Bu araba niye bu kadar yavaştı. Hızını arttırıp otoyola çıktı. Kafamı toplayamıyordum. Bu imkânsızdı. Hele Umut un öldüğü düşüncesi beni kahrediyordu. Aslında babam bişey dememişti ama cesaretim yoktu. Ona bişey olması hayatımın tek ışığını kaybetmeye dayanamazdım. Evi arayıp detayları öğrenmek istedim ama telefona cevap veren olmadı.
****
Nihayet gelmiştim. Evimdeydim. Daha kapıyı açmadan ağlama seslerini duymaya başlamıştım. Bu saatten sonra geri dönebilir miydim? Hayır olmaz babamın yanında olmalıyım. Annemi kaybettikten sonra tek dayanağı çocukları olmuşken onu yalnız bırakamazdım.Kapıyı açıp içeri adım attım. Ağlama sesleri artmaya başladı. Adımlarımı hızlandırıp babamı bulmak için merdivenleri çıktım. Annemde de böyle olmuştu. Terasa oturup onu beklemişti. Ya yolcu etmek için yada belki geri gelir diye....

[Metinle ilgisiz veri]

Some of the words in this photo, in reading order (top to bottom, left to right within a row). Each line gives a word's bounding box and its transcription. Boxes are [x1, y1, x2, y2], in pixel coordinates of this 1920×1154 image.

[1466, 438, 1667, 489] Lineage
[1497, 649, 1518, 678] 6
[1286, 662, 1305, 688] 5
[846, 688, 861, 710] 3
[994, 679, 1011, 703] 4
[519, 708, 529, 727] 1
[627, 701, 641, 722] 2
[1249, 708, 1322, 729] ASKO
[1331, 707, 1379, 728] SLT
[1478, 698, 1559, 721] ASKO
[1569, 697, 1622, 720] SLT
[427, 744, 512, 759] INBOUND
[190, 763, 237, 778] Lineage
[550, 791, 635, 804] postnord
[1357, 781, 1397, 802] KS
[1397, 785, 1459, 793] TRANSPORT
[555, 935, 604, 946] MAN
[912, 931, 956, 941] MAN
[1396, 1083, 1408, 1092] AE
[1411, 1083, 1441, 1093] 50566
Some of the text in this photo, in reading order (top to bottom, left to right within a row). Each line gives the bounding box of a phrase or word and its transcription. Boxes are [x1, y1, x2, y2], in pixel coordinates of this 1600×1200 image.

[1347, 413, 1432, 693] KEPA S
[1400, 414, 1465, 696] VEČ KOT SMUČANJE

Merdivenleri çıkarken inanılmaz bir bebek ağlaması evi doldurdu. Aşağıdan hizmetçi kızlar konuşarak odaya doğru yürüdüler. " Yine ağlamaya başladı. Yavrum benim ya annesini babasını özledi galiba."

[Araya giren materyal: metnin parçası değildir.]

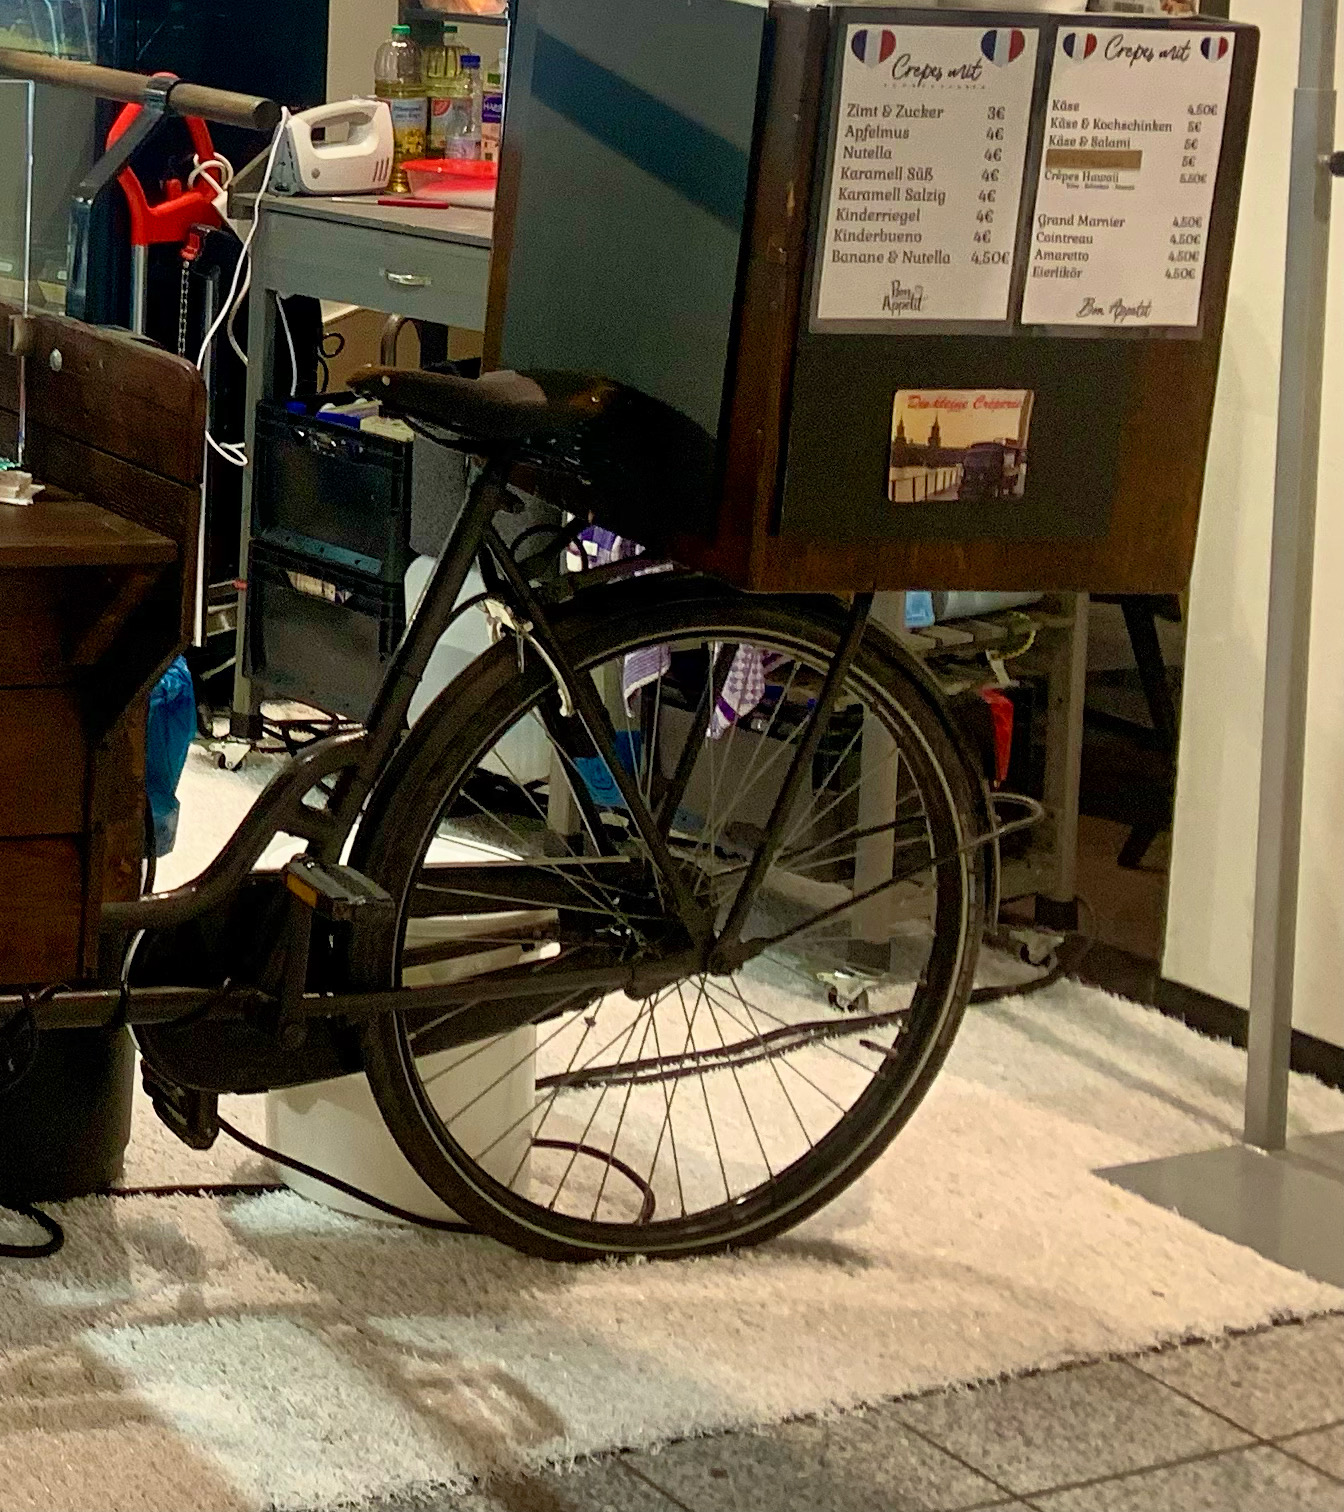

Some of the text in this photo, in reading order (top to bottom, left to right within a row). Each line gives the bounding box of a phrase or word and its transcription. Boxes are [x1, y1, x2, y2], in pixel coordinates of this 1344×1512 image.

[892, 53, 943, 87] Crepes
[847, 104, 1005, 120] Zimt & Zucker 3€
[845, 125, 1003, 142] Apfelmus 4€
[843, 146, 1002, 161] Nutella 4€
[841, 167, 999, 182] Karamell Süß 4€
[838, 187, 996, 205] Karamell Salzig 4€
[836, 208, 994, 225] Kinderriegel 4€
[834, 229, 991, 243] Kinderbueno 4€
[832, 249, 884, 263] Banane
[888, 250, 898, 264] &
[902, 250, 951, 264] Nutella

Bu laflara üzülsem mi sevinsem mi bilemedim. Umudum dayısının bitanesi , ona bişey olmamış ama annesiz babasız kalmıştı. Çaresizce kafamı sallayıp babamın yanına gittim. Beni farkermedi öylece yola bakıyordu. Elimi omzuna koyup" Baba...." oturduğu yerden hızla kalktı.

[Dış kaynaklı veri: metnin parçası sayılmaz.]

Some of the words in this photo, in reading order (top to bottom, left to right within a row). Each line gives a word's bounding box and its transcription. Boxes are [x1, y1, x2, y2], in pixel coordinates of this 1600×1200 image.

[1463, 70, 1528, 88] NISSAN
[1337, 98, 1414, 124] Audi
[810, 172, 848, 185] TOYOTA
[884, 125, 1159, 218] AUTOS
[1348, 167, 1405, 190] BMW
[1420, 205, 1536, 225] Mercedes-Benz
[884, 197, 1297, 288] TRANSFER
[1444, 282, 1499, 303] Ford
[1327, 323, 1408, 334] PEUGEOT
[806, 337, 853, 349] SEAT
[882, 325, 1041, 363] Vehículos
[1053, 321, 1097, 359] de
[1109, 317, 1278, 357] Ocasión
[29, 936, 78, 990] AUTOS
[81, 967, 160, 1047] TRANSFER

" Oğlum.... Gitti ablan gitti." Bana sarıldı. Dayanamadım. Bende kollarımı açıp ona doladım. Bir süre öylece kaldık. Babamın gücü tükenmişti artık... Onu yavaşça koltuğa oturtup yanına geçtim. Nasıl başlayacağımı bilmiyordum.
" Baba anlat hadi nasıl olmuş."Babam derin bir nefes alıp anlatmaya başladı.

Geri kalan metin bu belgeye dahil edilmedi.